*WHAT YOU NEED TO DO*:
Whatever pictures appear, omit them, and repeat the data below exactly.
::::::::::
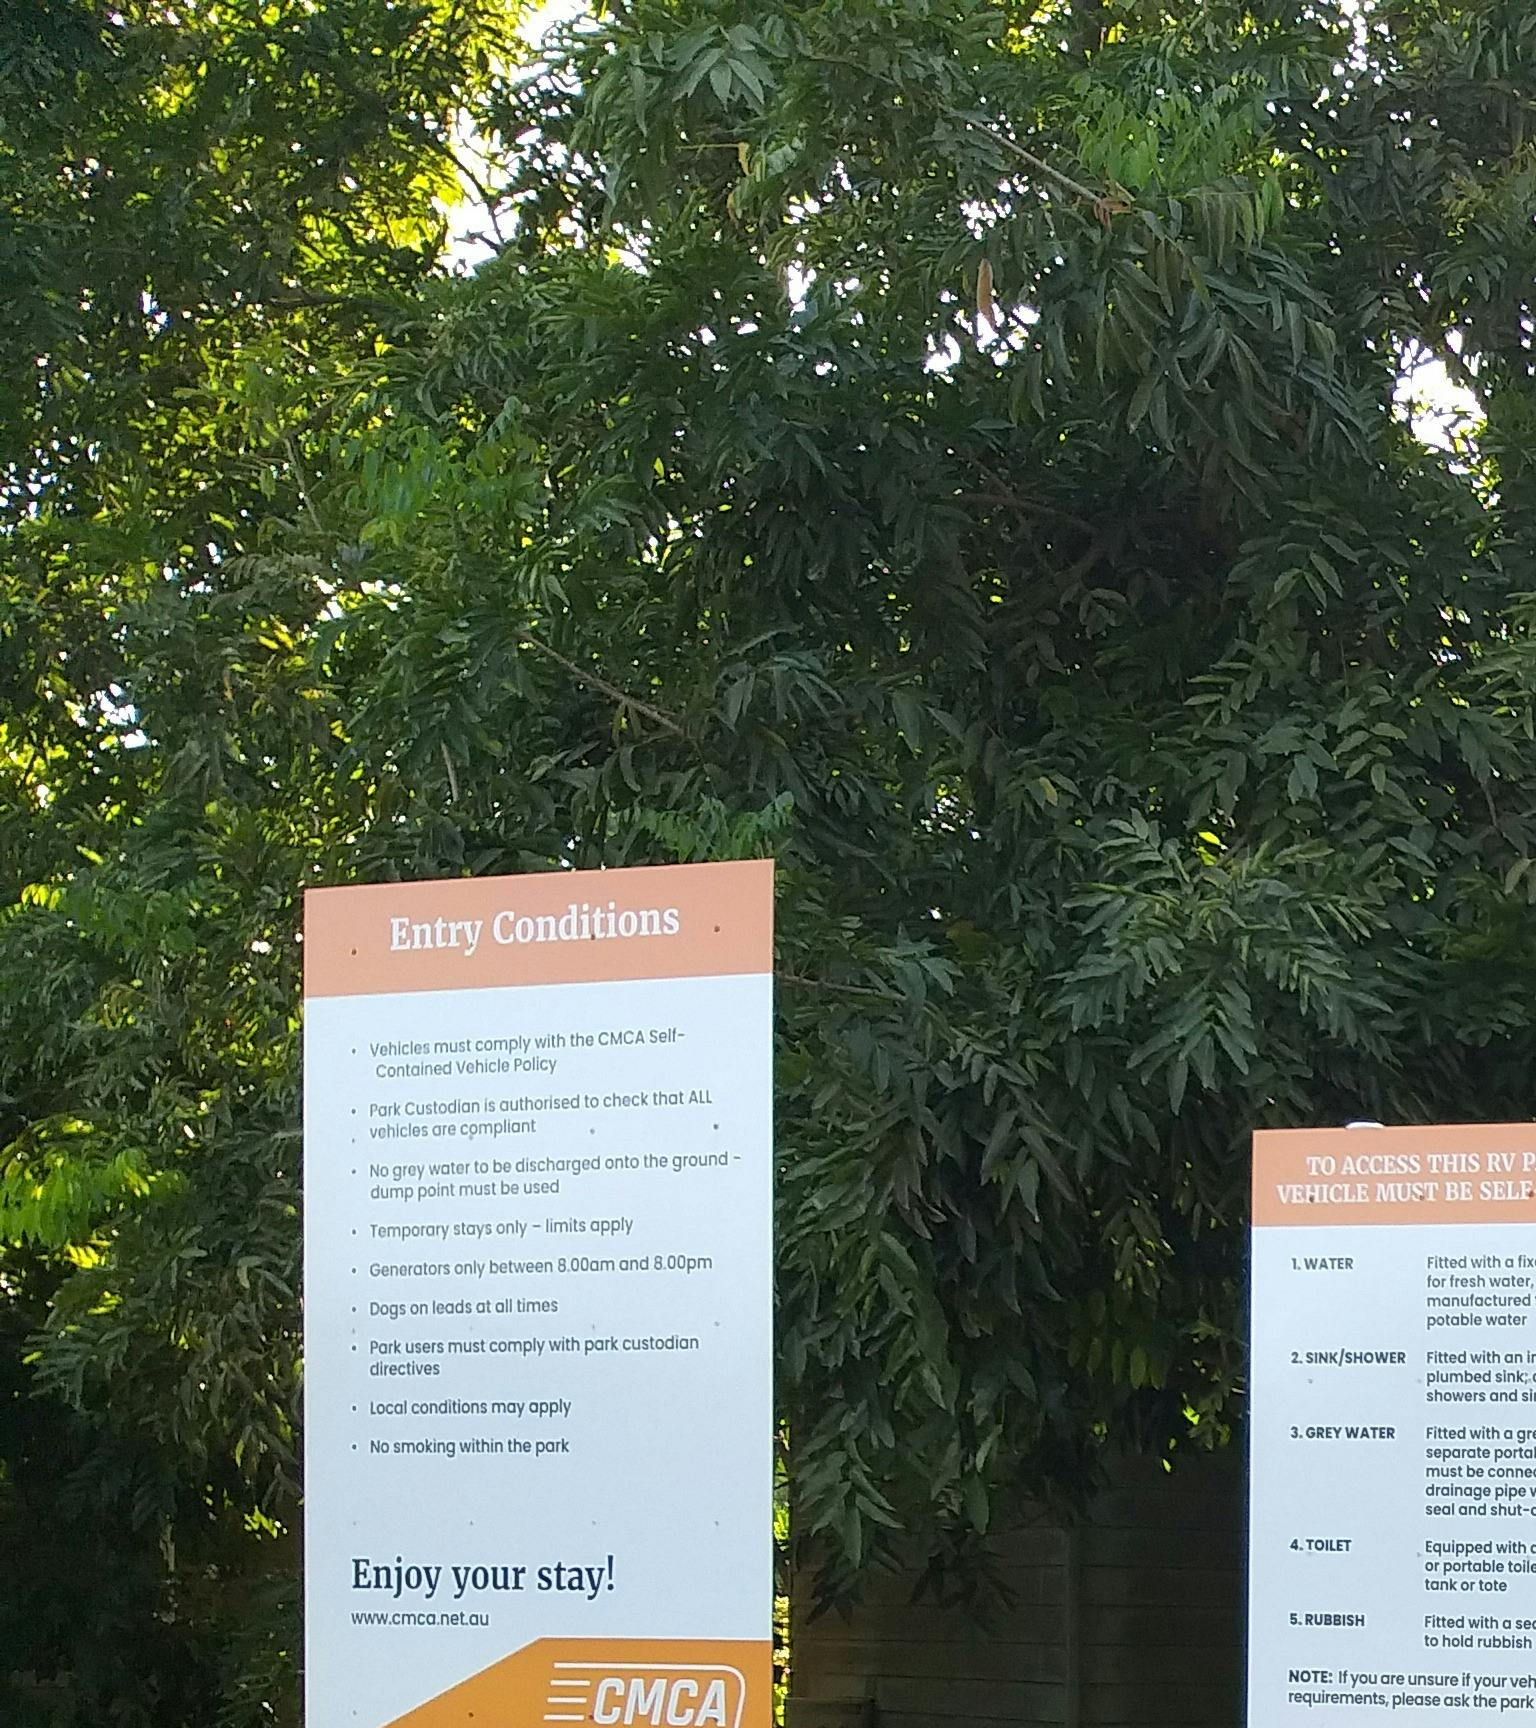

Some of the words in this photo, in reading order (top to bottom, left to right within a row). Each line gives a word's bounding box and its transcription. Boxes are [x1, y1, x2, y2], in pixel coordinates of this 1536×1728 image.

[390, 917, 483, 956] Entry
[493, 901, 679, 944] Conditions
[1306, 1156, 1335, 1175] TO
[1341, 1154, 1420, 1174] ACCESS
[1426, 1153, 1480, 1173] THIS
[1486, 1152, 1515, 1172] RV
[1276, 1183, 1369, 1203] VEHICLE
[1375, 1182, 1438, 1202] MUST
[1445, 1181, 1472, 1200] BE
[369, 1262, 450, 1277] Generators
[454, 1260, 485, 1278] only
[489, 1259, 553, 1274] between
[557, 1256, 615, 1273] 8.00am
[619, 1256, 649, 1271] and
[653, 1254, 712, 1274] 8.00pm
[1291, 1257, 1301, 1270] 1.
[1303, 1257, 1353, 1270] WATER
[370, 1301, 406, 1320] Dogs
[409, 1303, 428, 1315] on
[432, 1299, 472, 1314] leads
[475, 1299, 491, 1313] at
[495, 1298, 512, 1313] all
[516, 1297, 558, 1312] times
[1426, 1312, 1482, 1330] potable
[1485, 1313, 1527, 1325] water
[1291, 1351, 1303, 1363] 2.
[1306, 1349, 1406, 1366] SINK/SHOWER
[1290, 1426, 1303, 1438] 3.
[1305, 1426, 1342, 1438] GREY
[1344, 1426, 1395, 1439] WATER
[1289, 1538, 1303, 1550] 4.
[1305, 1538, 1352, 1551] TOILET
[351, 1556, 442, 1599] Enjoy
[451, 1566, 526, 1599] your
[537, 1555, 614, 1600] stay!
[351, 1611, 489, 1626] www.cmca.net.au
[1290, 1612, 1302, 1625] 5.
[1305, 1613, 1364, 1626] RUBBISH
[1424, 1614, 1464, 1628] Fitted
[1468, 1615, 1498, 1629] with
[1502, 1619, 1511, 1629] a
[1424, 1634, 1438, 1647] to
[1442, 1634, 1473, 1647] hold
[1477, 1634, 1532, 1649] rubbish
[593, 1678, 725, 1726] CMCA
::::::::::
*ANSWER TO THE PROBLEM*:
Some of the words in this photo, in reading order (top to bottom, left to right within a row). Each line gives a word's bounding box and its transcription. Boxes are [x1, y1, x2, y2], in pixel coordinates of this 1536×1728 image.

[390, 917, 483, 956] Entry
[493, 901, 679, 944] Conditions
[1306, 1156, 1335, 1175] TO
[1341, 1154, 1420, 1174] ACCESS
[1426, 1153, 1480, 1173] THIS
[1486, 1152, 1515, 1172] RV
[1276, 1183, 1369, 1203] VEHICLE
[1375, 1182, 1438, 1202] MUST
[1445, 1181, 1472, 1200] BE
[369, 1262, 450, 1277] Generators
[454, 1260, 485, 1278] only
[489, 1259, 553, 1274] between
[557, 1256, 615, 1273] 8.00am
[619, 1256, 649, 1271] and
[653, 1254, 712, 1274] 8.00pm
[1291, 1257, 1301, 1270] 1.
[1303, 1257, 1353, 1270] WATER
[370, 1301, 406, 1320] Dogs
[409, 1303, 428, 1315] on
[432, 1299, 472, 1314] leads
[475, 1299, 491, 1313] at
[495, 1298, 512, 1313] all
[516, 1297, 558, 1312] times
[1426, 1312, 1482, 1330] potable
[1485, 1313, 1527, 1325] water
[1291, 1351, 1303, 1363] 2.
[1306, 1349, 1406, 1366] SINK/SHOWER
[1290, 1426, 1303, 1438] 3.
[1305, 1426, 1342, 1438] GREY
[1344, 1426, 1395, 1439] WATER
[1289, 1538, 1303, 1550] 4.
[1305, 1538, 1352, 1551] TOILET
[351, 1556, 442, 1599] Enjoy
[451, 1566, 526, 1599] your
[537, 1555, 614, 1600] stay!
[351, 1611, 489, 1626] www.cmca.net.au
[1290, 1612, 1302, 1625] 5.
[1305, 1613, 1364, 1626] RUBBISH
[1424, 1614, 1464, 1628] Fitted
[1468, 1615, 1498, 1629] with
[1502, 1619, 1511, 1629] a
[1424, 1634, 1438, 1647] to
[1442, 1634, 1473, 1647] hold
[1477, 1634, 1532, 1649] rubbish
[593, 1678, 725, 1726] CMCA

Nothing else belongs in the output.